WORK INSTRUCTIONS – Output exactly the lines from the line with "this 2212×1659 image." through the end of the records below. Include nothing else.

★ ★ ★

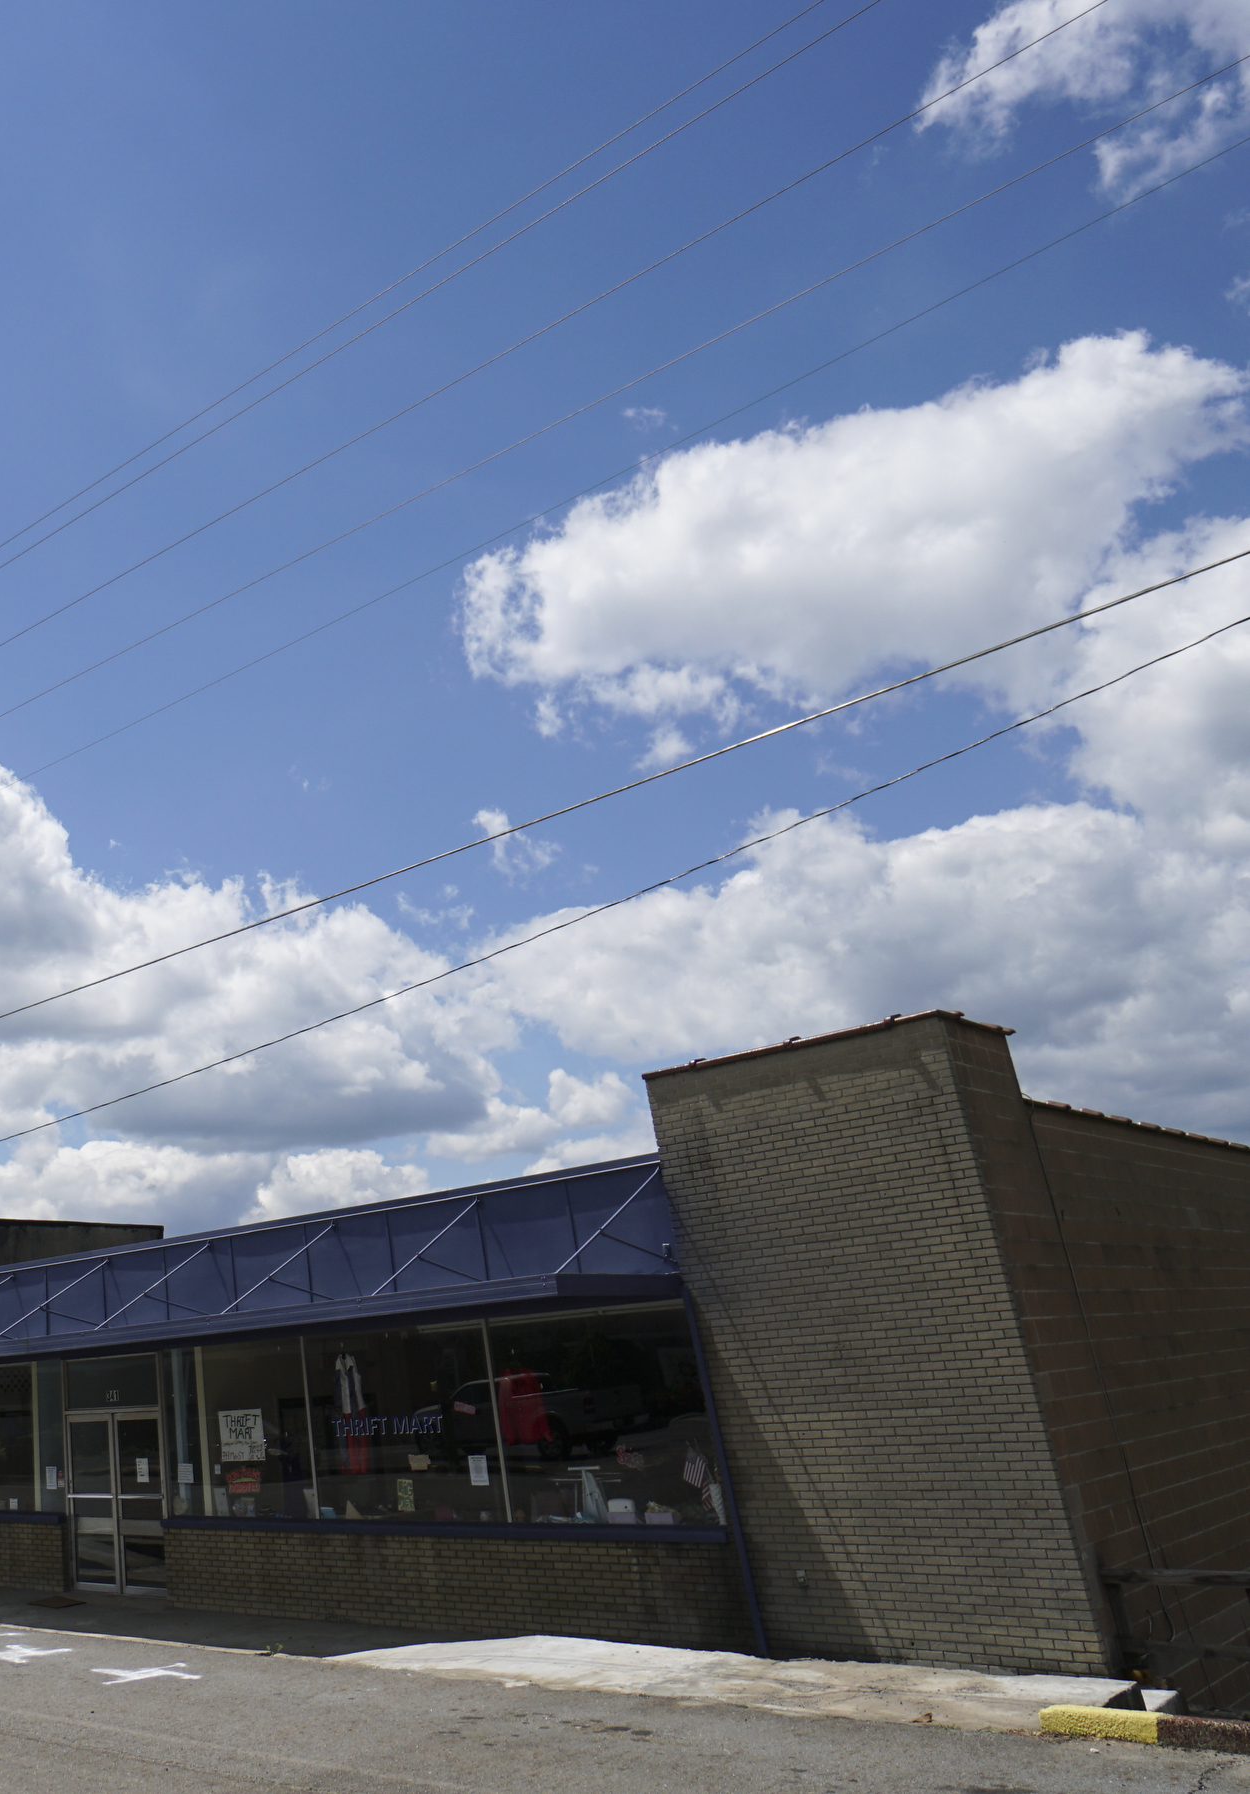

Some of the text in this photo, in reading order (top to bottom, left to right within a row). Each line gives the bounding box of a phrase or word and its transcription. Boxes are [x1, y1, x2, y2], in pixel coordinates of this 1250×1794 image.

[106, 1390, 120, 1402] 341
[222, 1413, 260, 1428] THRIFT
[331, 1413, 444, 1437] THRIFT MART
[229, 1426, 256, 1440] MART
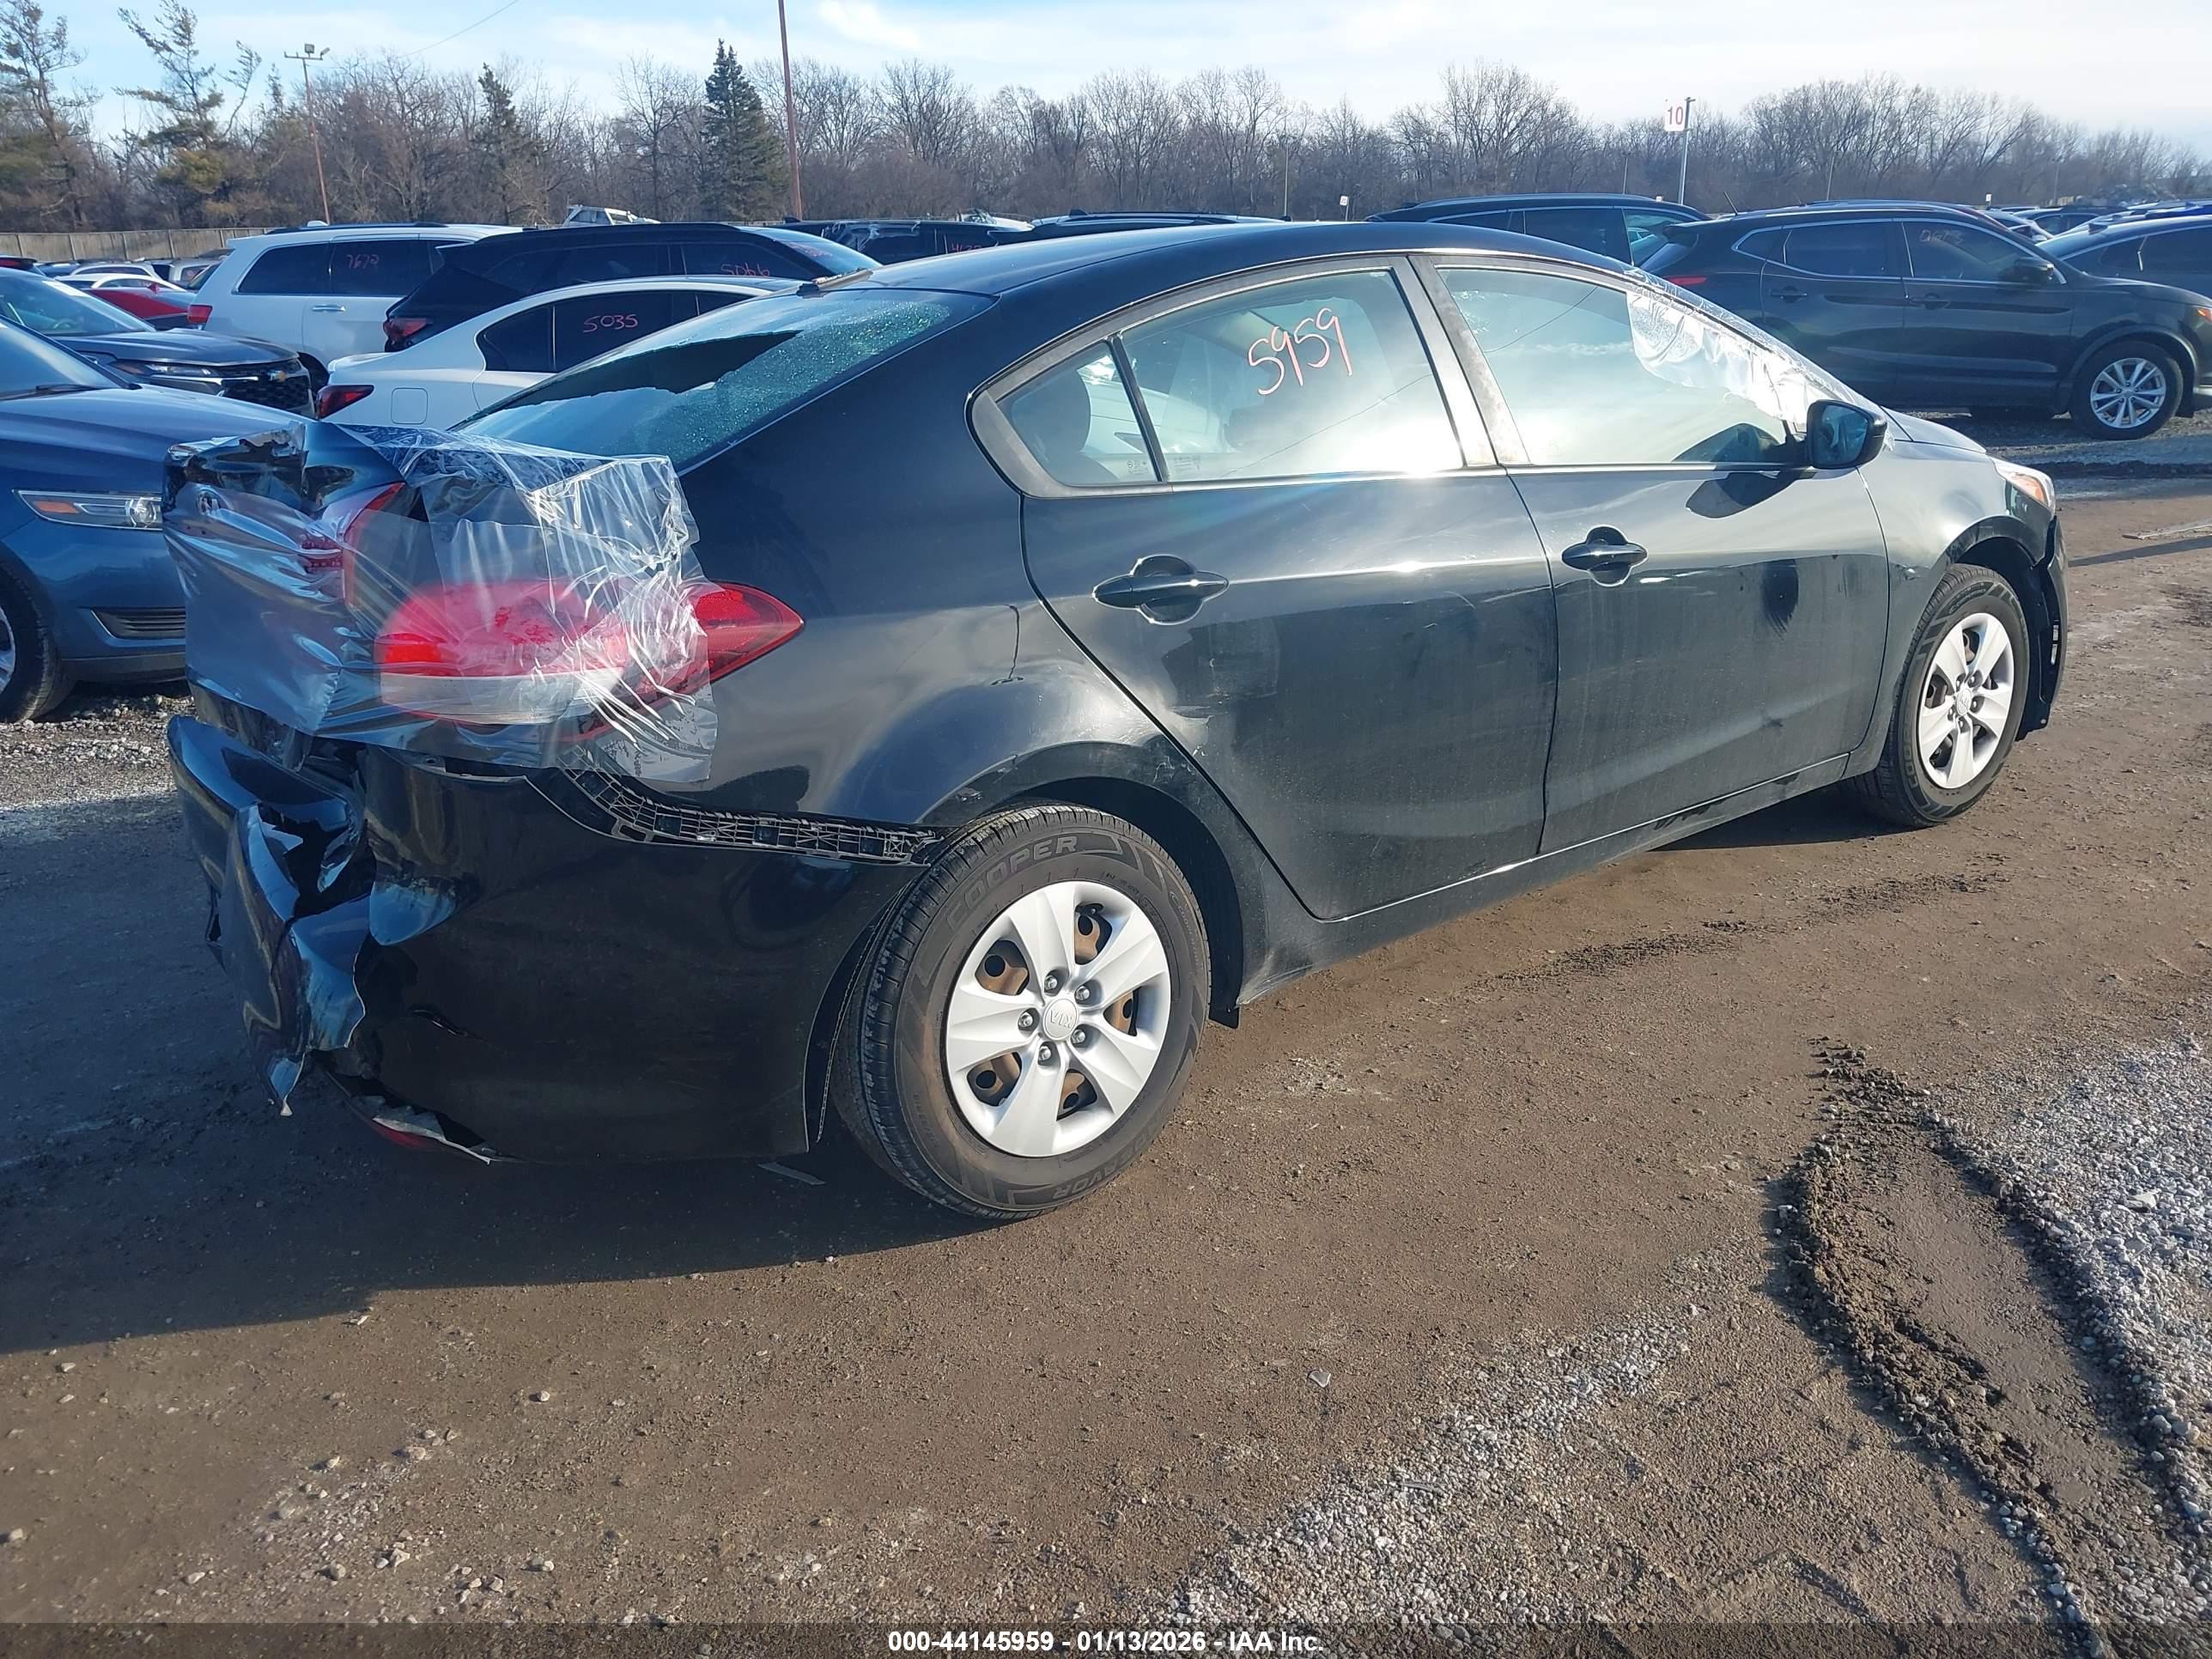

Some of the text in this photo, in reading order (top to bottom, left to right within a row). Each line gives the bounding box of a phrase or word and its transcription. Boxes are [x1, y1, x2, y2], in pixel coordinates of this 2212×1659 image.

[1667, 106, 1684, 125] 10
[583, 313, 639, 332] 5035
[1248, 307, 1353, 395] 5959
[947, 836, 1079, 931] COOPER

★ ★ ★

REPLY TO THE TASK –
Some of the text in this photo, in reading order (top to bottom, left to right within a row). Each line gives the bounding box of a phrase or word and its transcription. Boxes are [x1, y1, x2, y2], in pixel coordinates of this 2212×1659 image.

[1667, 106, 1684, 125] 10
[583, 313, 639, 332] 5035
[1248, 307, 1353, 395] 5959
[947, 836, 1079, 931] COOPER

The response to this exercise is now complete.